Glasgow & West Scotland

Sharkey fire deaths: Murder trial hears of rescue efforts

Thomas Sharkey Snr, Bridget and Thomas Jnr
Image caption Thomas Sharkey Snr, Bridget and Thomas Jnr died following the fire

The Sharkey fire deaths murder trial has heard how emergency crews battled through dense smoke in a bid to rescue family members.

Firefighter Stuart Ross, 29, described how in July 2011 colleagues carried out a woman, young man and girl, all unconscious or with no signs of life.

Mr Ross said the flat in Helensburgh was completely black with smoke.

Scott Snowden, 37, and Robert Jennings, 50, deny murdering three members of the Sharkey family by torching their home.

Thomas Sharkey Jnr, 21, and his sister, Bridget, eight, died in the blaze at their home in Scott Court on 24 July 2011. Their father, Thomas Snr, 55, died in hospital days later.

Both accused also deny a charge of attempting to murder Mr Sharkey's wife, Angela, 48, who survived the fire.

'Completely blackened'

Mr Ross was shown photographs of the charred doorway and internal stairs in the flat.

The witness said that as he went into the flat for the first time other firefighters were coming out towards the front door.

He added: "One of the BA [breathing apparatus] crew came out with a boy. They were just coming down the stairs and we helped them out with the boy."

Prosecutor Alex Prentice QC asked: "Later did you discover who this was?" and Mr Ross said: "Young Thomas."

The prosecutor went on: "Was there any sign of life?" and Mr Ross replied: "No."

The firefighter said that he went back into the flat for a second time and described the conditions as "completely blackened out with smoke".

This time he went upstairs and came across one of his colleagues with Angela Sharkey in his arms.

Mr Ross said he assisted his fellow firefighter out with Mrs Sharkey and added: "There was no sign of life. She was unconscious."

The jury heard that Mr Ross went back into the building for a third time and a colleague came downstairs.

Image caption Angela Sharkey was the only family member to survive the fire

Mr Ross said: "I found out afterwards he had a little girl in his arms." He was asked if she showed any signs of life and replied: "No."

Warning bid

Earlier, a serving soldier told the trial how he alerted neighbours after seeing flames coming from the family's Helensburgh home.

Daniel Court, 21, of the Royal Battalion of Scotland, said that he had been having sex with a woman in a lane.

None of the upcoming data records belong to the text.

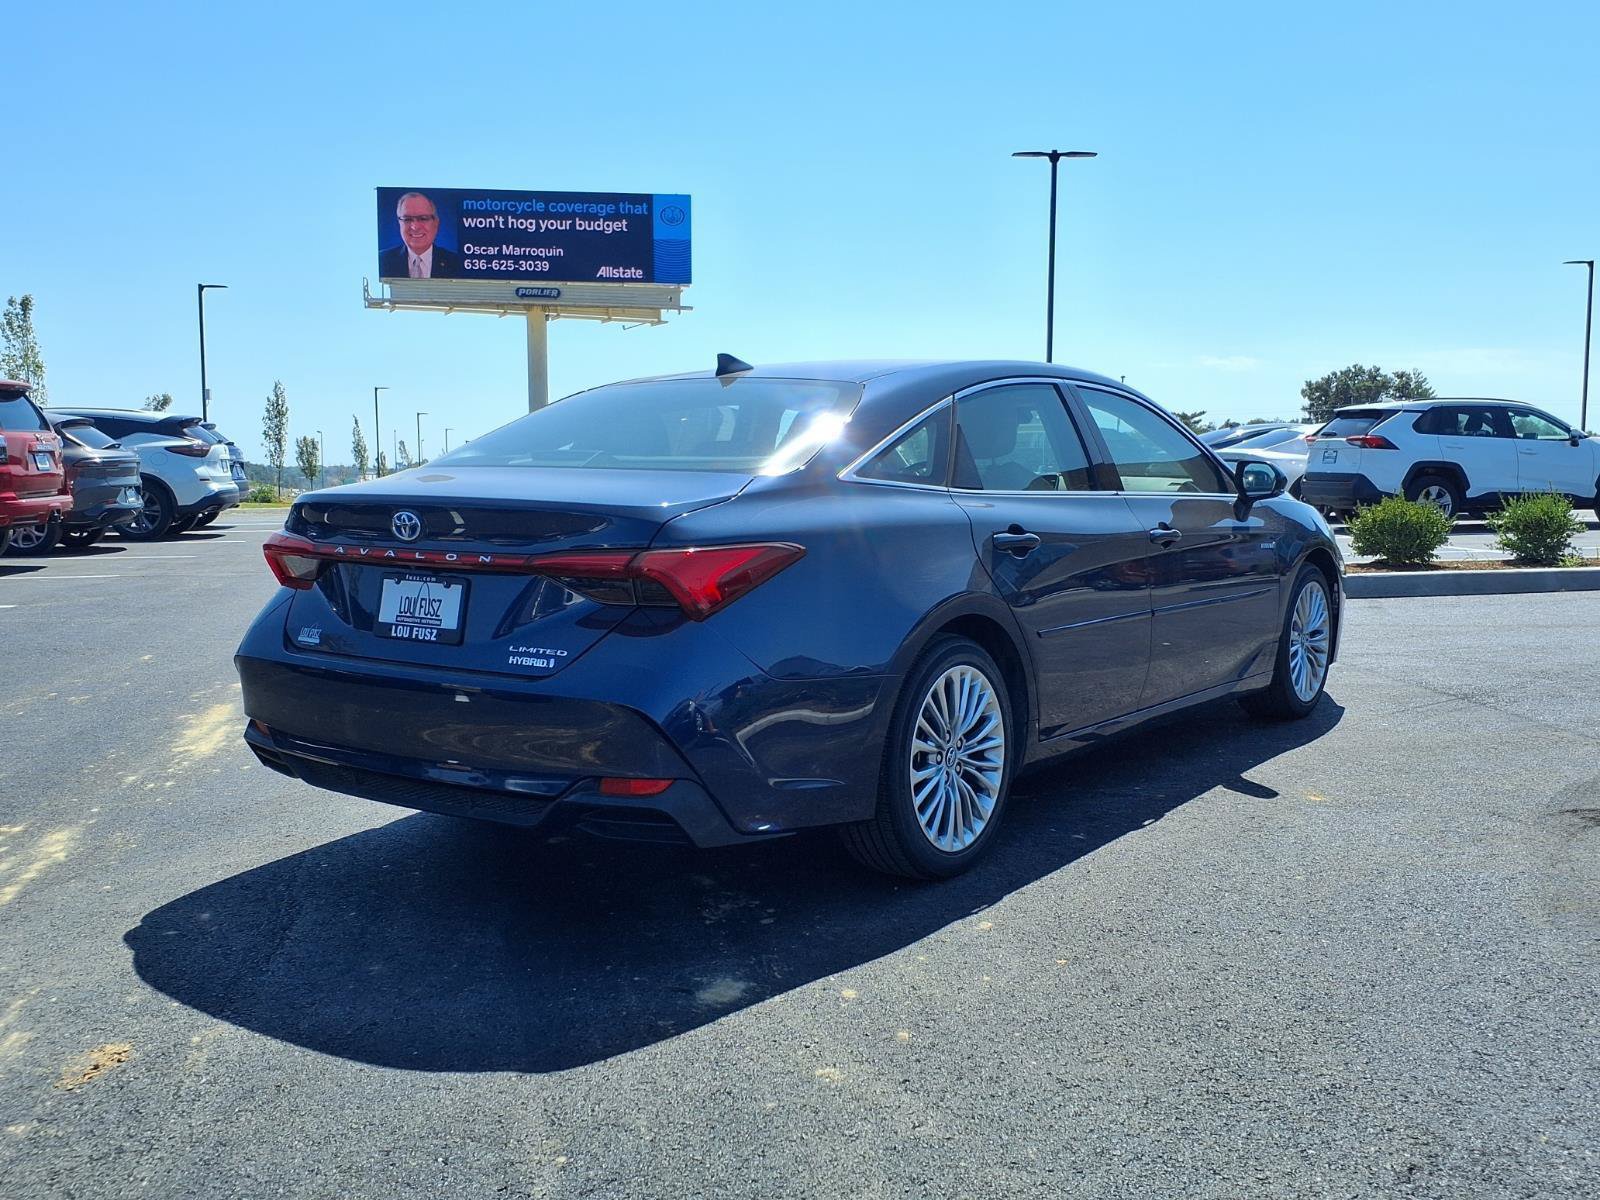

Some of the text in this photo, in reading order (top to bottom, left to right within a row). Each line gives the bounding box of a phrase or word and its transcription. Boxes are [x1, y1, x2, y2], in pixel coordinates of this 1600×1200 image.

[463, 198, 648, 216] motorcycle coverage that
[463, 216, 627, 233] won't hog your budget
[464, 244, 564, 259] Oscar Marroquin
[464, 259, 549, 272] 636-625-3039
[596, 266, 643, 279] Allstate
[518, 288, 559, 297] PORLIER
[334, 546, 492, 563] AVALON
[399, 595, 442, 617] LOU FUSZ
[391, 624, 437, 641] LOU FUSZ
[509, 645, 568, 656] LIMITED

He said as they walked back towards John Street, he saw flames coming from Scott Court.

Giving evidence, Mr Court was asked what he saw and replied: "The door was ablaze and fire and smoke was coming out of it. The only place it was coming out of was the door."

Mr Prentice asked: "What did you do," and Mr Court said: "I went up the stairs chapping people's doors telling them there was a fire and to get out."

The soldier said that he heard shouts of help from the front of the building.

He told the court that two other men turned up and he gave one of them a boost up onto the flat roof to see if he could help the person.

Mr Court added: "I could still hear someone shouting 'help'."

He was asked if he had approached the blazing door and said he had not.

The jury heard that minutes before Mr Court had had sex with a woman in a nearby lane behind the Masonic Halls.

Mr Court added: "Afterwards we had a cigarette and talked for about 10 minutes before walking out of the lane."

Under cross-examination, Ian Duguid QC asked: "Did you see anyone running away as you walked down the lane?" and he replied: "No."

The QC then asked: "Did anything come to your attention while you were having your cigarette?" and he again replied: "No."

Mr Duguid then said: "All the time you were there at the back of the Masonic Hall having sex there is no noise?" and Mr Court replied: "I didn't hear nothing, no."

Mr Snowden and Mr Jennings deny all the charges against them.

The trial before Lord Matthews continues.